WORK REQUIRED: Would you output the following records verbatim and skip the images in them?

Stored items
++++++++++

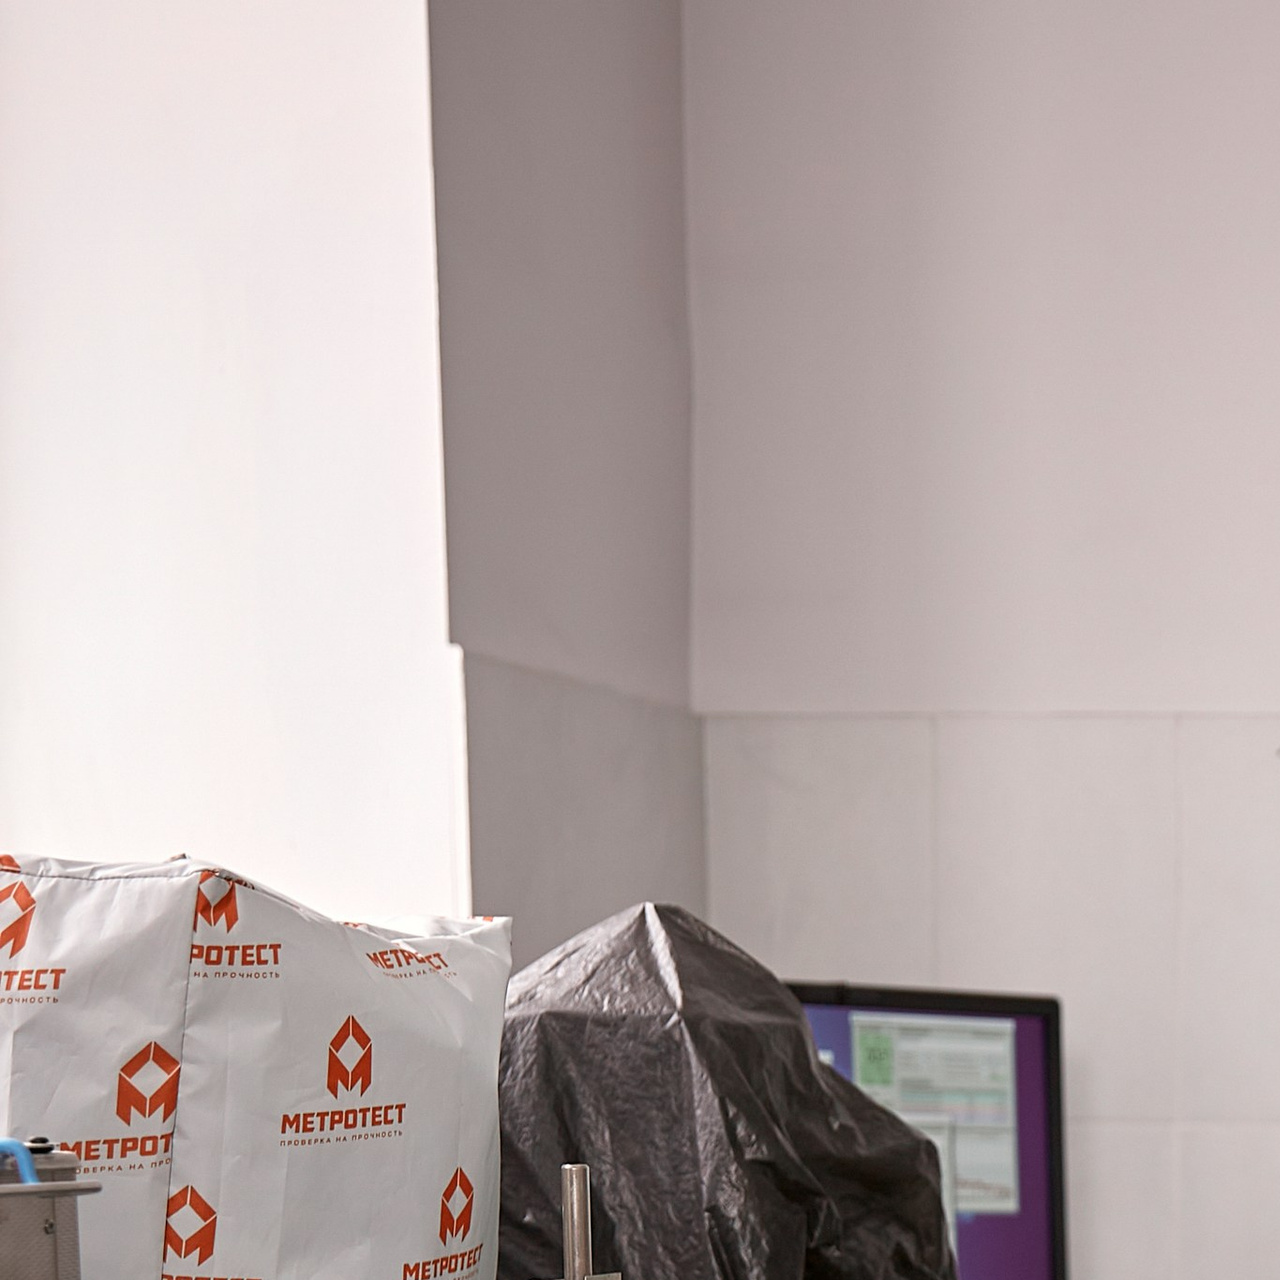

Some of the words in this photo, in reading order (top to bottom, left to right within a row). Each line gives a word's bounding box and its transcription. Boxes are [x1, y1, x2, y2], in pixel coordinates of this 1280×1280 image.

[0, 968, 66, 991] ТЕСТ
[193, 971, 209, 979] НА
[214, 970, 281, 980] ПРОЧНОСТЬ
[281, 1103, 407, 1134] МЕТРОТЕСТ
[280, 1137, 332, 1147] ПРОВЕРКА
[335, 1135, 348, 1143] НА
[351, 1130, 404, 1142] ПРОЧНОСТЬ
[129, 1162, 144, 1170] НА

++++++++++

EXERCISE RESPONSE:
Some of the words in this photo, in reading order (top to bottom, left to right within a row). Each line gives a word's bounding box and its transcription. Boxes are [x1, y1, x2, y2], in pixel coordinates of this 1280×1280 image.

[0, 968, 66, 991] ТЕСТ
[193, 971, 209, 979] НА
[214, 970, 281, 980] ПРОЧНОСТЬ
[281, 1103, 407, 1134] МЕТРОТЕСТ
[280, 1137, 332, 1147] ПРОВЕРКА
[335, 1135, 348, 1143] НА
[351, 1130, 404, 1142] ПРОЧНОСТЬ
[129, 1162, 144, 1170] НА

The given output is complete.